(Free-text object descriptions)
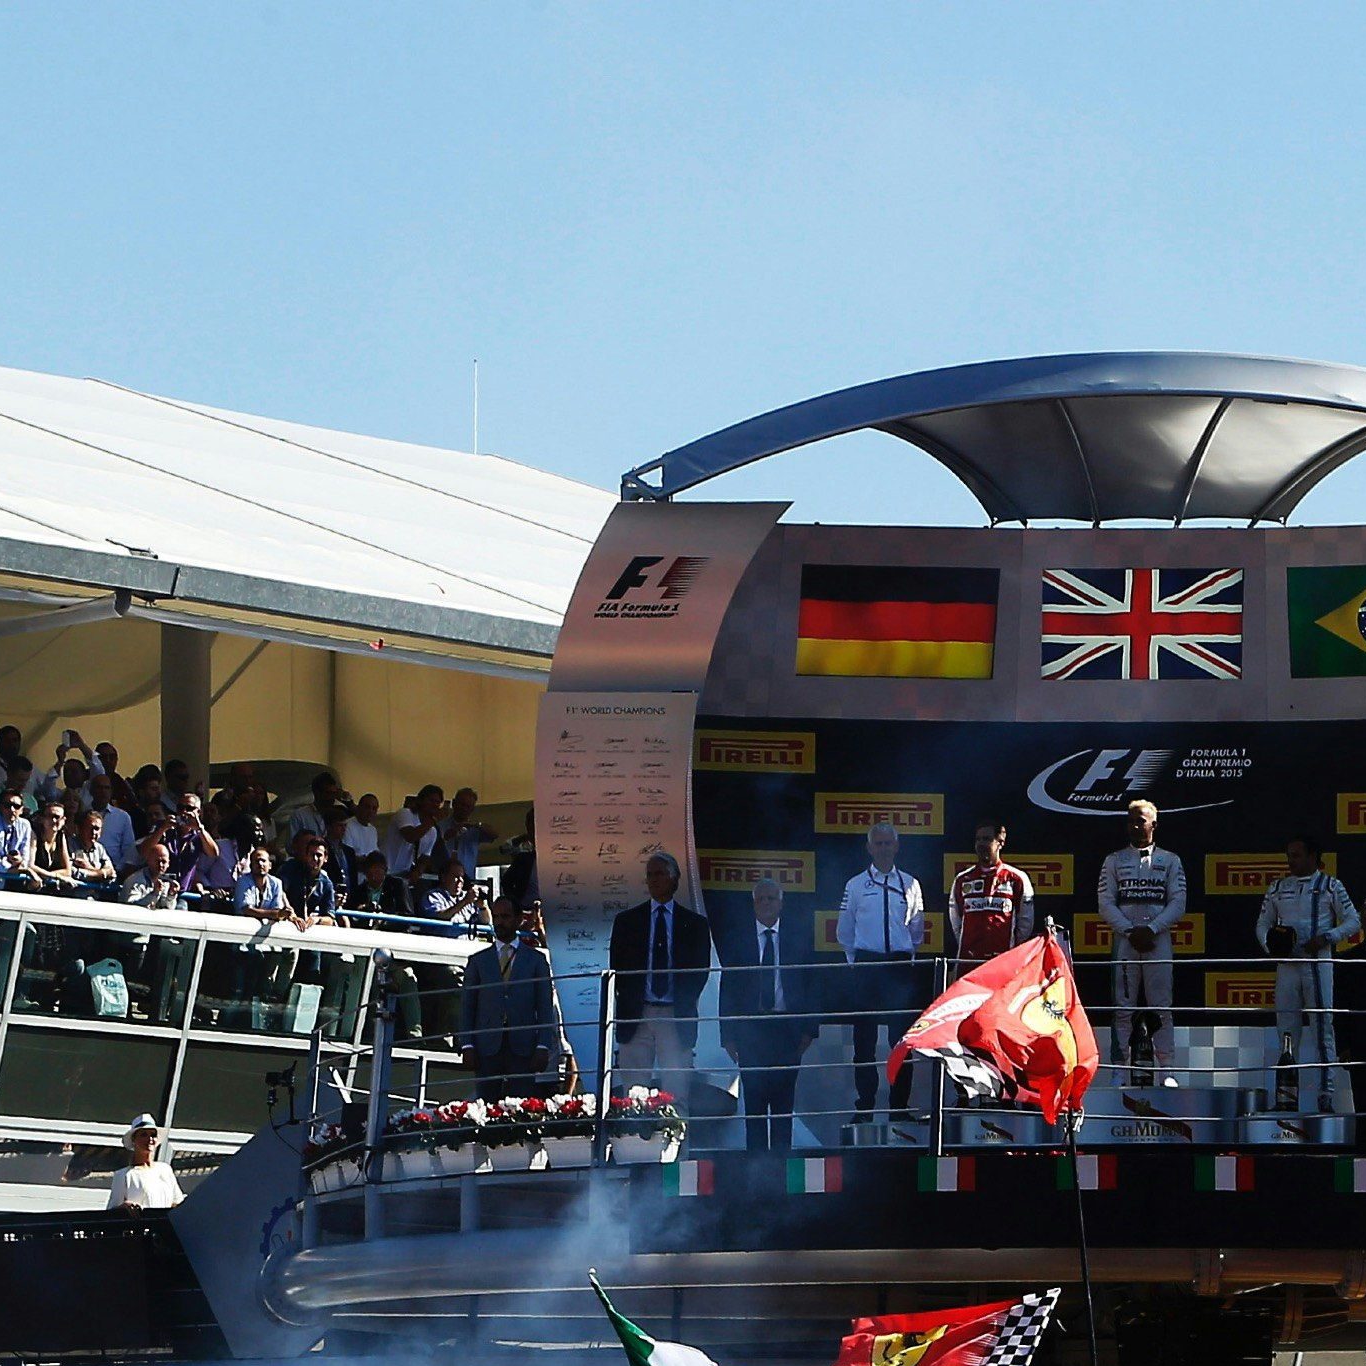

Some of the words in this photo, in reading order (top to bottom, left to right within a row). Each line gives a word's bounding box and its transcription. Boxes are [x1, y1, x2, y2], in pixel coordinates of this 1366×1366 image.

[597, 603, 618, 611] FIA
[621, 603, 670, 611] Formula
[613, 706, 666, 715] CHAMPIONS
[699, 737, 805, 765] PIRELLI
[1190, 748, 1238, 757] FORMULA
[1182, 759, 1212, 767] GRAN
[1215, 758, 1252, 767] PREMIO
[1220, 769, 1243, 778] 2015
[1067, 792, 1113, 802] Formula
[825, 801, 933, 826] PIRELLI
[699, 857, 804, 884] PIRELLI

WHAT YOU WILL DO: Keep every word of the records and none of the pictures when you print them again.

OUTPUT:
Some of the words in this photo, in reading order (top to bottom, left to right within a row). Each line gives a word's bounding box and its transcription. Boxes are [x1, y1, x2, y2], in pixel coordinates of this 1366×1366 image.

[597, 603, 618, 611] FIA
[621, 603, 670, 611] Formula
[613, 706, 666, 715] CHAMPIONS
[699, 737, 805, 765] PIRELLI
[1190, 748, 1238, 757] FORMULA
[1182, 759, 1212, 767] GRAN
[1215, 758, 1252, 767] PREMIO
[1220, 769, 1243, 778] 2015
[1067, 792, 1113, 802] Formula
[825, 801, 933, 826] PIRELLI
[699, 857, 804, 884] PIRELLI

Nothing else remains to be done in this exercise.